[Source data]
+-------+
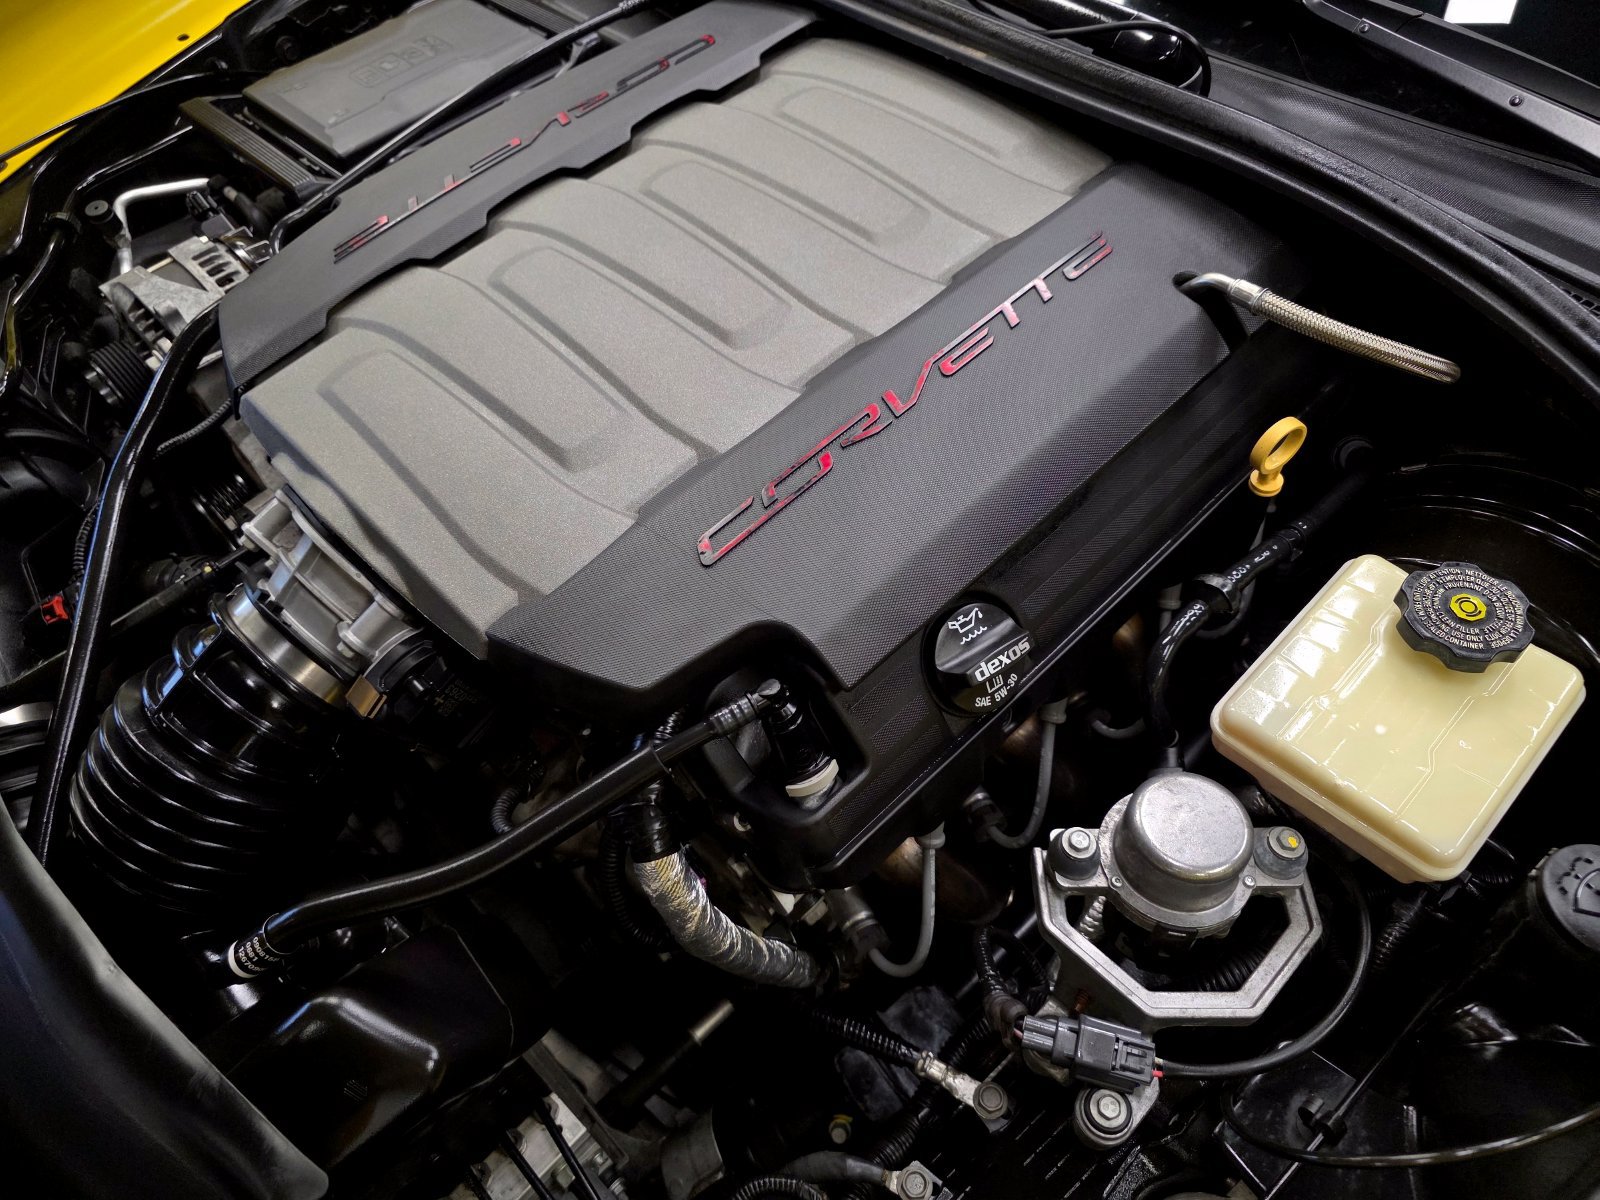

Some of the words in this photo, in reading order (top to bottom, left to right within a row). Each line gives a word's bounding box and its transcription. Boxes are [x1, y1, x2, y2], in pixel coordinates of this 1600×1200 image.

[333, 34, 716, 265] CORVETTE
[697, 232, 1113, 566] CORVETTE
[1465, 569, 1499, 585] NETTOYER
[1498, 584, 1508, 592] LE
[1475, 579, 1491, 590] QUE
[1424, 620, 1446, 638] SEALED
[1436, 611, 1455, 628] CLEAN
[1456, 624, 1480, 634] FILLER
[1451, 630, 1465, 640] USE
[1466, 632, 1483, 642] ONLY
[974, 636, 1031, 682] dexos
[974, 696, 992, 707] SAE
[994, 673, 1018, 702] 5W-30
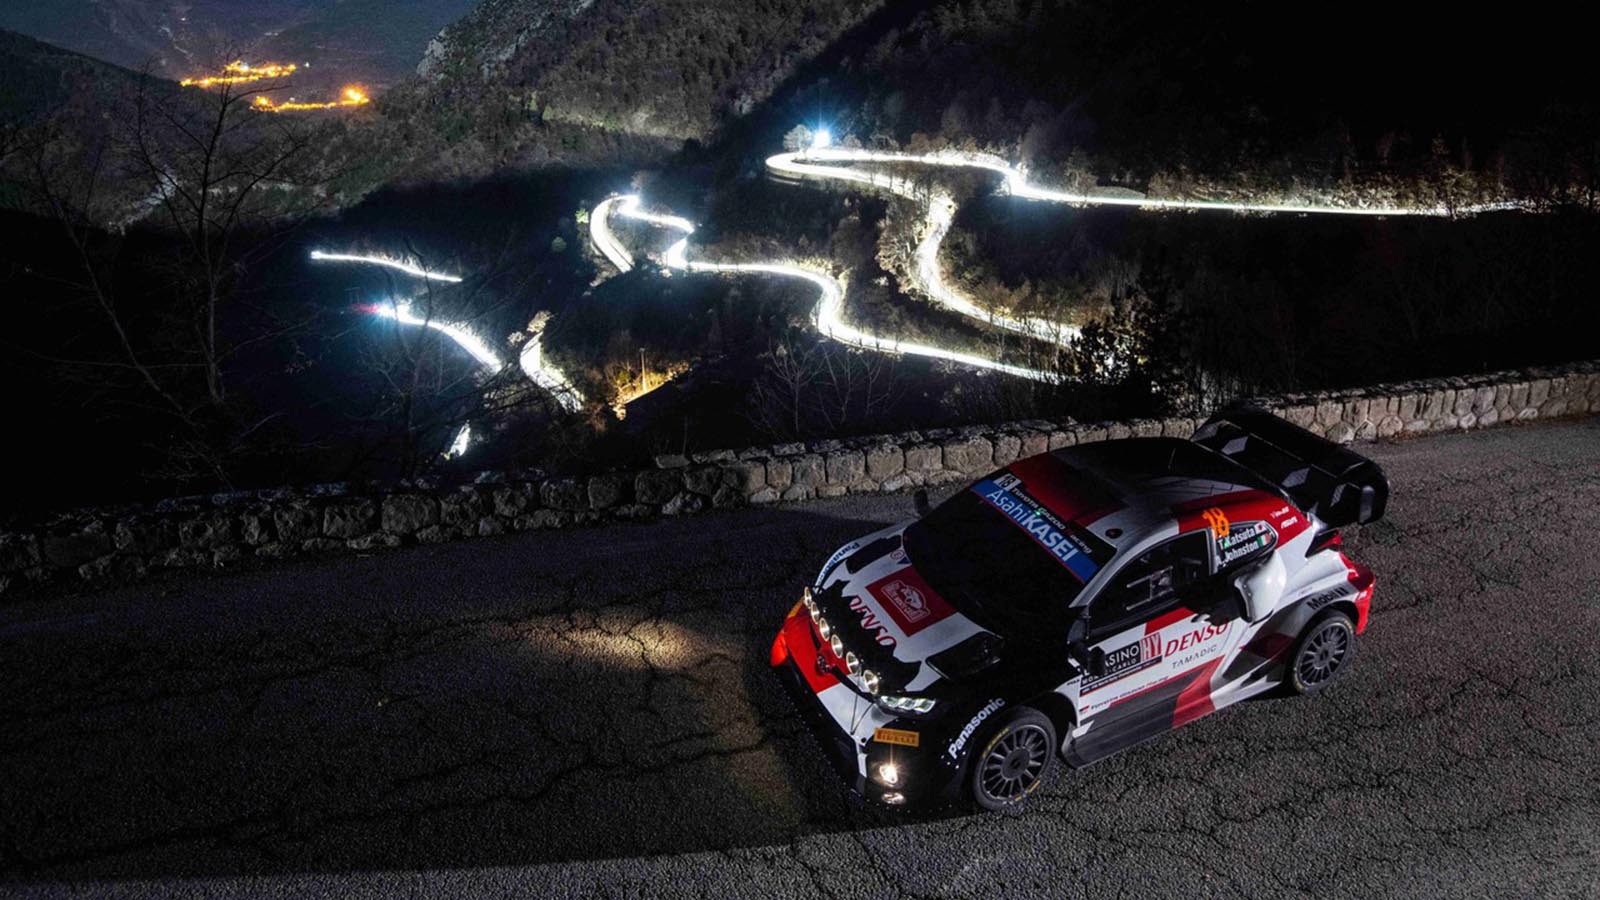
+-------+
What to work on ▸ Reproduce all entries exactly. Pictures do not belong in the copy.

Expected answer ▸
Some of the words in this photo, in reading order (top to bottom, left to right within a row). Each line gives a word's bounding box and its transcription. Boxes are [x1, y1, x2, y2], in pixel coordinates of this 1600×1200 image.

[333, 34, 716, 265] CORVETTE
[697, 232, 1113, 566] CORVETTE
[1465, 569, 1499, 585] NETTOYER
[1498, 584, 1508, 592] LE
[1475, 579, 1491, 590] QUE
[1424, 620, 1446, 638] SEALED
[1436, 611, 1455, 628] CLEAN
[1456, 624, 1480, 634] FILLER
[1451, 630, 1465, 640] USE
[1466, 632, 1483, 642] ONLY
[974, 636, 1031, 682] dexos
[974, 696, 992, 707] SAE
[994, 673, 1018, 702] 5W-30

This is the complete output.